The State Judicial Branch

A. Introduction

The range of powers allocated to the judicial branch under state constitutions differs both quantitatively and qualitatively from the "judicial power" enumerated in Article III of the federal Constitution. The United States Supreme Court does, of course, have "supervisory" power over the federal courts. Alfred Hill, "The Bill of Rights and the Supervisory Power," Columbia Law Review 69 (February 1969): 181. The range of policy-making powers of state supreme courts, however, goes far beyond this type of supervisory power.

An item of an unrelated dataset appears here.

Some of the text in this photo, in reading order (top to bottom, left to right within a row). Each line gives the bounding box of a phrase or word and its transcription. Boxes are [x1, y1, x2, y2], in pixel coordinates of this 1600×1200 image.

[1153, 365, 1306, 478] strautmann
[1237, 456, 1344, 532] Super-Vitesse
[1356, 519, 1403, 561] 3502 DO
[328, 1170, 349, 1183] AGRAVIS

For an exhaustive review of the evolution of state supreme courts and the nature of their workload and opinions, see Robert A. Kagan, Bliss Cartwright, Lawrence M. Friedman, and Stanton Wheeler, "The Evolution of State Supreme Courts," Michigan Law Review 76 (May 1978): 961; "The Business of State Supreme Courts, 1870-1970," Stanford Law Review 30 (November 1977): 121; "State Supreme Courts: A Century of Style and Citation," Stanford Law Review 33 (May 1981): 773; and "Do the 'Haves' Come Out Ahead? Winning and Losing in State Supreme Courts, 1870-1970," Law and Society Review 21 (No. 3 1987): 403. Recent books concerning a range of issues on state supreme courts include G. Alan Tarr and Mary Cornelia Aldis Porter, State Supreme Courts in State and Nation (New Haven, Yale University Press, 1988); State Supreme Courts: Policymakers in the Federal System, eds. Mary Cornelia Porter and G. Alan Tarr (Westport, Conn.: Greenwood Press, 1982).

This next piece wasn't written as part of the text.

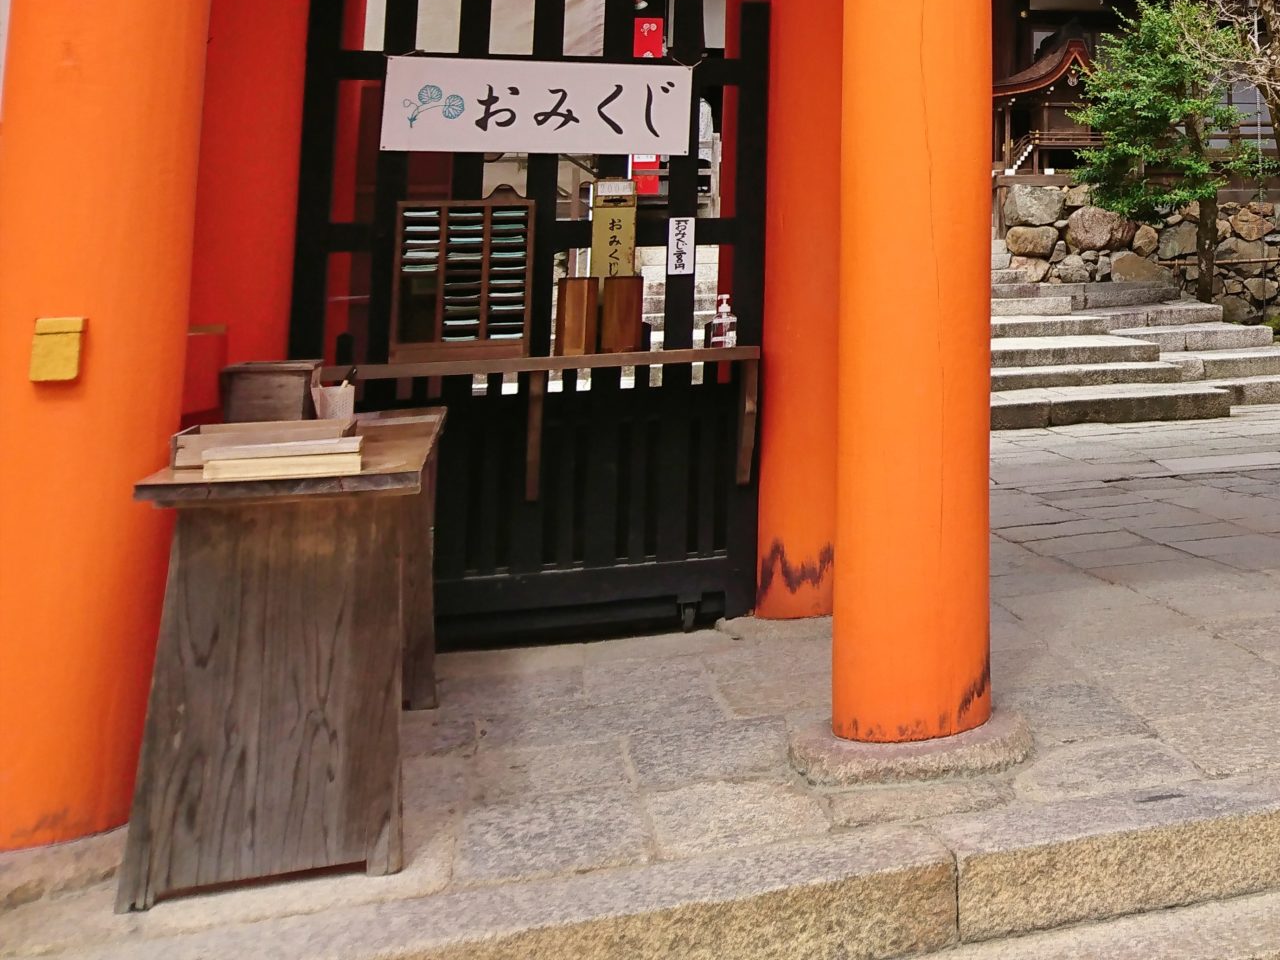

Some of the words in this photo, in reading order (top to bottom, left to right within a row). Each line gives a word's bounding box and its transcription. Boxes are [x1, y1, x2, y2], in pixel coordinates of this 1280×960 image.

[475, 81, 675, 138] おみくじ
[609, 218, 622, 277] おみくじ

One of these studies concluded that state supreme court justices

... have come to view their role less conservatively. They seem to be less concerned with the stabilization and protection of property rights, more concerned with the individual and the downtrodden, and more willing to consider rulings that promote social change.

"The Business of State Supreme Courts," 155.

One of the most important innovations in state court structure in the Twentieth century is the advent of intermediate appeals courts, which are often the courts of last resort for many matters, thereby freeing state supreme courts from some of the pressure of caseloads. See generally, Project, "The Effect of Court Structure on State Supreme Court Opinions: A Re-Examination," Stanford Law Review 33 (May 1981): 951; Note "Courting Reversal-The Supervisory Role of State Supreme Courts," Yale Law Journal 87 (May 1978): 1191. For an in-depth study of the Florida District Courts of Appeal, see John M. Scheb, "Florida's Courts of Appeal: Intermediate Courts Become Final," Stetson Law Review 13 (Spring 1984): 479.

William F. Swindler,

"Seedtime of an American Judiciary: From Independence to the Constitution"

William and Mary Law Review

17 (Spring 1976): 503.

1976 William and Mary Law Review.
Reprinted by permission.

The Closing of the Royal Courts

In the increasing disputes between the colonies and the mother country preceding the war for independence, the nature of law and of the courts in British North America periodically came into question. Colonial leaders pointed retrospectively to the assumption, embodied in the earliest colonial charters, that the common law, modified to apply to the local needs of each settlement or "plantation," was the root stock of American jurisprudence. Once the issue of the authority of the common law in the colonies was belatedly raised, English authorities countered with the declaration that neither the common law nor

the English Constitution followed the flag except as England decreed. Essentially, this was the impasse on which the hope of avoiding revolution ultimately perished.

Although their authority to do so might be called into question, the colonies proceeded to adopt or adapt the common law, setting up systems of courts resembling the judicial structure remembered from England, but modified to the needs of each colony.3 Whatever the particular variations at the level of courts of first instance, one feature of the colonial judicial system was consistent: appeals lay from each colony directly to the Privy Council in London.4 Thus, when independence was declared, that appellate system became extinct for practical purposes. A new state constitution might undertake to create a new internal judicial system, both trial and appellate, but it could not fill completely the vacuum left by the defunct system of royal justice; beyond the individual jurisdiction of the state, there was no judicial machinery for the settlement of issues involving interstate and international questions.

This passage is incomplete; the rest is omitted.